Nós realmente começamos a trabalhar juntos – ajudamos a equipe dele, Fundação Anticorrupção (ACF), para fazer o primeiro filme investigativo de grande repercussão: sobre Procurador-Geral Chaika. Esse filme tem 26 milhões de visualizações hoje. Até agora, a ACF lançou dezenas de outros grandes filmes investigativos. E estou orgulhoso de ter existido desde o início.

No final de 2015, escrevi um livro chamado Todos os homens do Kremlin. Dentro do Tribunal de Vladimir Putin. Um capítulo desse livro era sobre Alexei — embora ele nunca tenha pertencido àquela corte. No entanto, ele sempre foi seu principal inimigo.

Cada capítulo começava com um retrato do personagem, e descrevi Navalny da seguinte forma:

“Alexei Navalny é um alienígena. À primeira vista, ele parece uma pessoa comum, e ao observá-lo andando pelas ruas ou andando de transporte público, você pode inadvertidamente pensar que ele é um homem comum. Em suma, ele faz tudo o que as pessoas comuns fazem e o que os principais funcionários do governo e as estrelas não fazem. Mas as aparências enganam. Navalny usa uma máscara humana, como um extraterrestre num filme de ficção científica, para esconder a sua verdadeira identidade – a de um político.

A vida de Navalny é difícil. A máquina estatal está atrás dele e ele tem que lidar com isso de alguma forma. Por exemplo, ele não conduz com medo de que um “provocador” possa saltar para a frente do seu carro, o que poderá levar a que ele, Navalny, seja processado.

Navalny certamente sabe que é uma estrela. A prisão é talvez o último lugar onde Putin quer que ele esteja, já que isso o tornaria um mártir e aumentaria a sua popularidade. Navalny entende sua exclusividade. Ele é provavelmente o único verdadeiro político entre os 143 milhões de habitantes da Rússia…

Mas Navalny é uma pessoa única que fez uma escolha consciente. Até agora ele não tem poder, e talvez nunca tenha. Mas ele certamente sacrificou a oportunidade de levar uma vida normal, embora descreva isso como uma oportunidade de mudar a Rússia para melhor.

Se a Rússia tivesse um sistema político aberto, Navalny provavelmente não estaria sozinho. Mas porque isso não acontece, parece não haver mais ninguém louco o suficiente para trocar a vida pela política. Porque é que Navalny continua a acreditar que a sua hora chegará e que um dia poderá suceder a Putin como presidente? Só há uma explicação racional: ele é um alienígena.”

Eu era ingênuo naquela época – todos nós, inclusive Alexei, éramos ingênuos. Nunca acreditaríamos que Putin o quisesse morto. Porque pensávamos que ele não queria que Navalny fosse um mártir. Nós estávamos errados. Somos pessoas e muitas vezes as pessoas estão erradas.

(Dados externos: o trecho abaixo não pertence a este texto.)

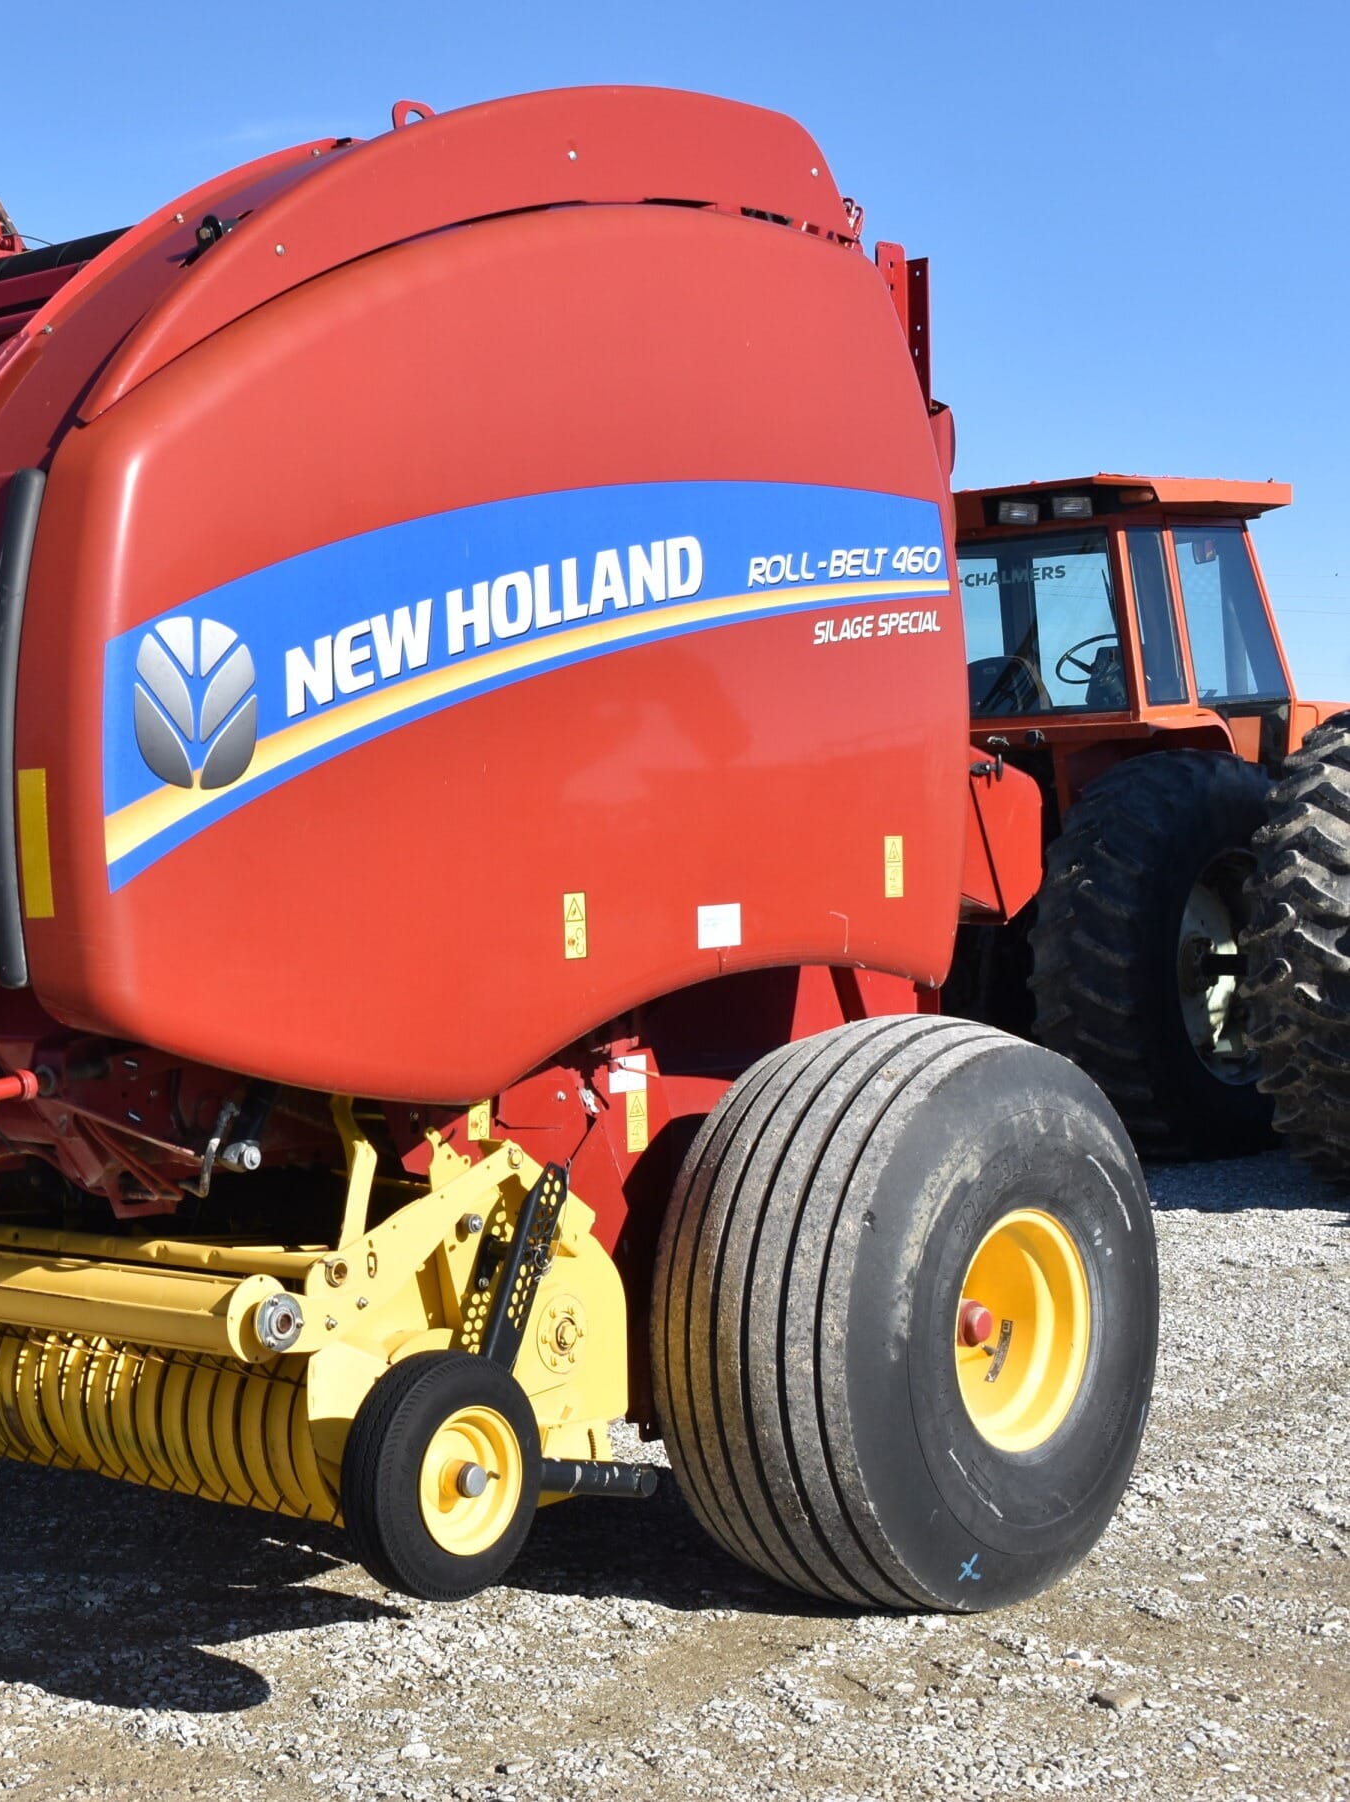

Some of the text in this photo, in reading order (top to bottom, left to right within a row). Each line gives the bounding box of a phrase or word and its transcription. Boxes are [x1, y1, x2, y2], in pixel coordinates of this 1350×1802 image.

[747, 546, 942, 588] ROLL-BELT 460
[285, 535, 704, 719] NEW HOLLAND
[813, 611, 941, 645] SILAGE SPECIAL

Quando Putin envenenou Navalny em 2020, eu sabia que ele sobreviveria. Eu não sei por quê. Talvez eu tenha sido muito ingênuo novamente. Sempre pensei que o Alexei é muito forte moralmente, é uma figura histórica, não pode morrer. E ele sobreviveu, expôs seus assassinos e fez de Putin motivo de chacota. E para mim não havia sequer dúvida se ele ficaria na Europa ou voltaria. Já descrevi tudo antes: se ele fosse um ser humano comum, ficaria para viver. Mas ele é um alienígena. Ele já havia feito a escolha de se dedicar à política. E é por isso que ele teve que voltar.

Há cerca de uma semana, recebi um e-mail de Alexei. Foi, claro, incrivelmente engraçado e enérgico. Ele escreveu que estava sentado em uma cela de onde não se via uma folha de grama ou uma folha, e até para passear foi levado apenas para uma cela vizinha, mas escreveu com tanta alegria e arrojo que houve sem dúvida que estava tudo bem com ele, nada o quebraria.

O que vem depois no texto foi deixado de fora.